** Data to process follows **

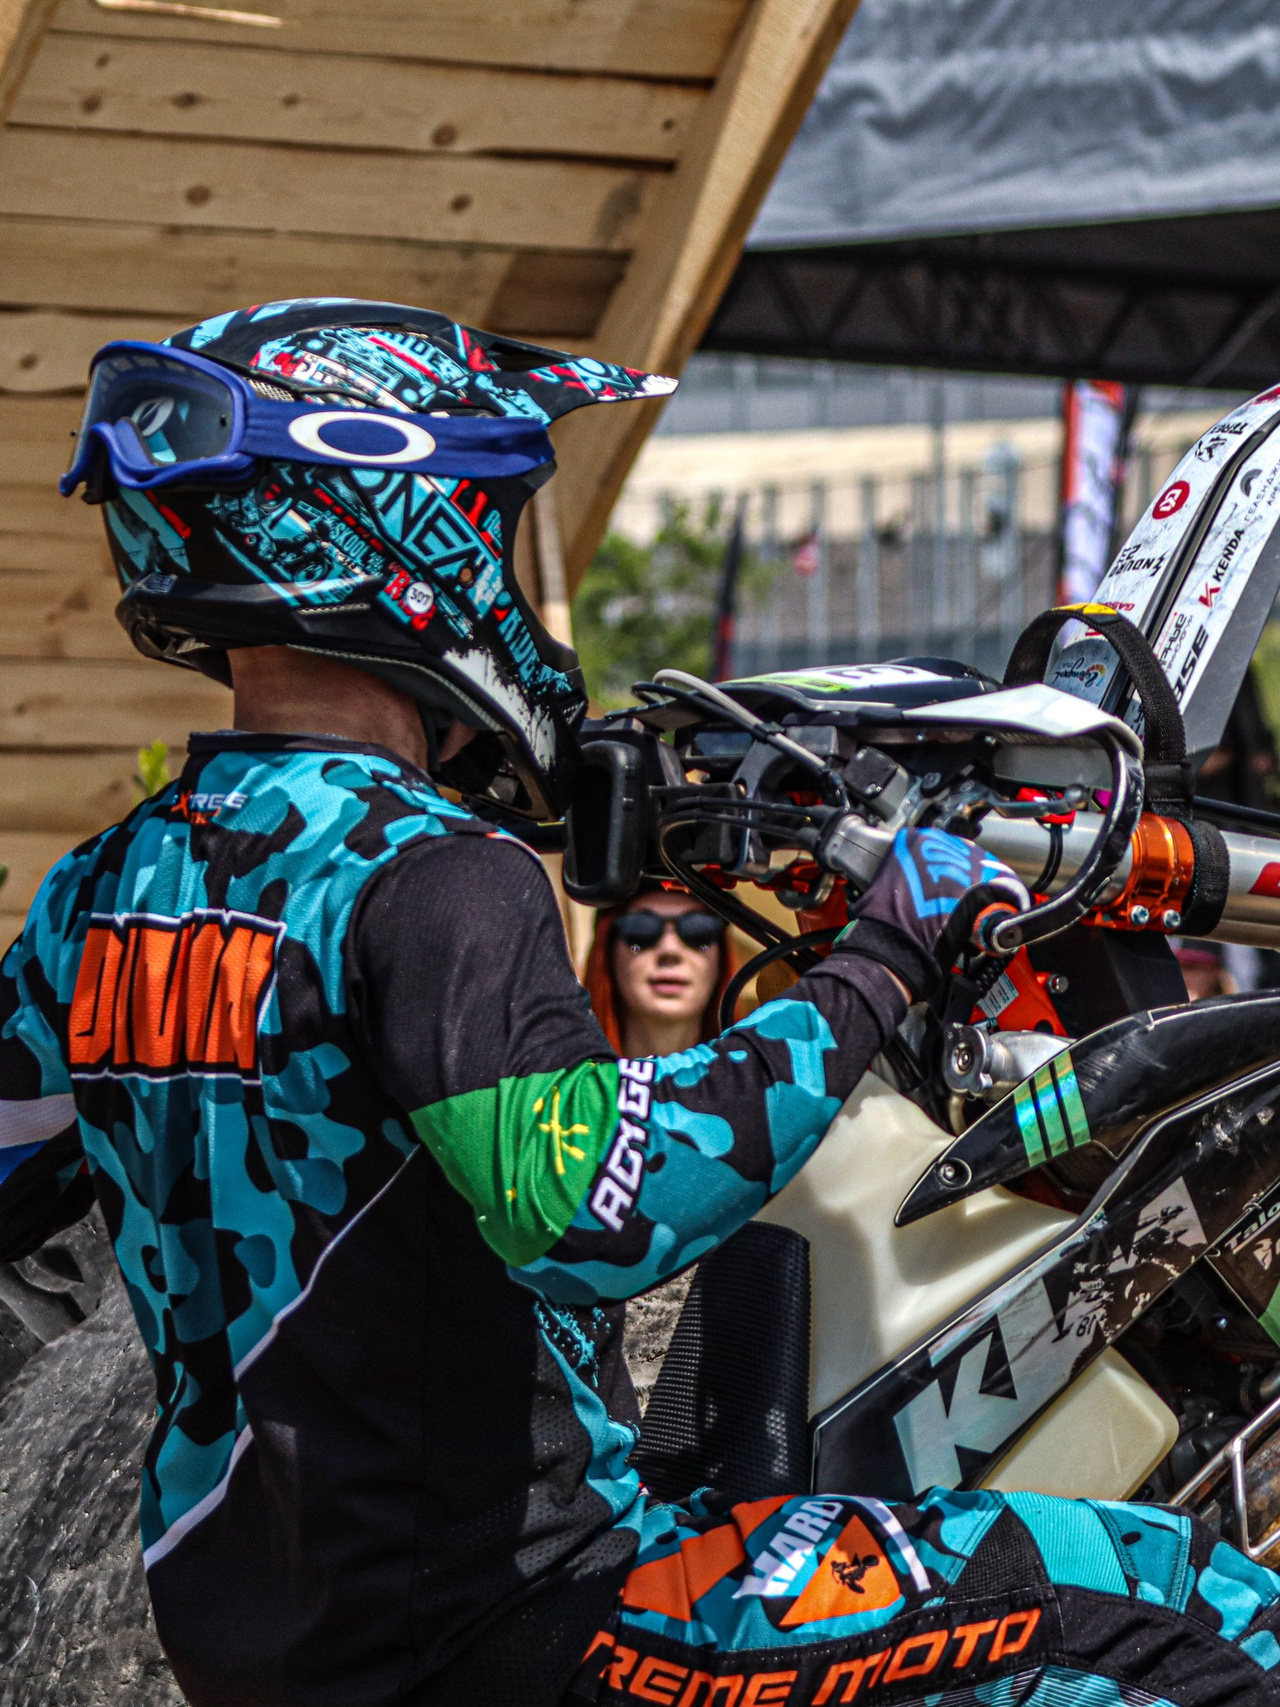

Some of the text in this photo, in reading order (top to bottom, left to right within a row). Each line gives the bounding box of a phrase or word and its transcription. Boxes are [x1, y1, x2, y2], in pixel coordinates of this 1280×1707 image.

[1212, 528, 1246, 582] KENDA
[409, 587, 432, 607] 307
[731, 1499, 844, 1599] HARD
[811, 1608, 1042, 1706] MOTO

** End of Data to process **

_Work instruction_
Print every record above exactly, but no pictures.

_Exercise answer_
Some of the text in this photo, in reading order (top to bottom, left to right within a row). Each line gives the bounding box of a phrase or word and its transcription. Boxes are [x1, y1, x2, y2], in pixel coordinates of this 1280×1707 image.

[1212, 528, 1246, 582] KENDA
[409, 587, 432, 607] 307
[731, 1499, 844, 1599] HARD
[811, 1608, 1042, 1706] MOTO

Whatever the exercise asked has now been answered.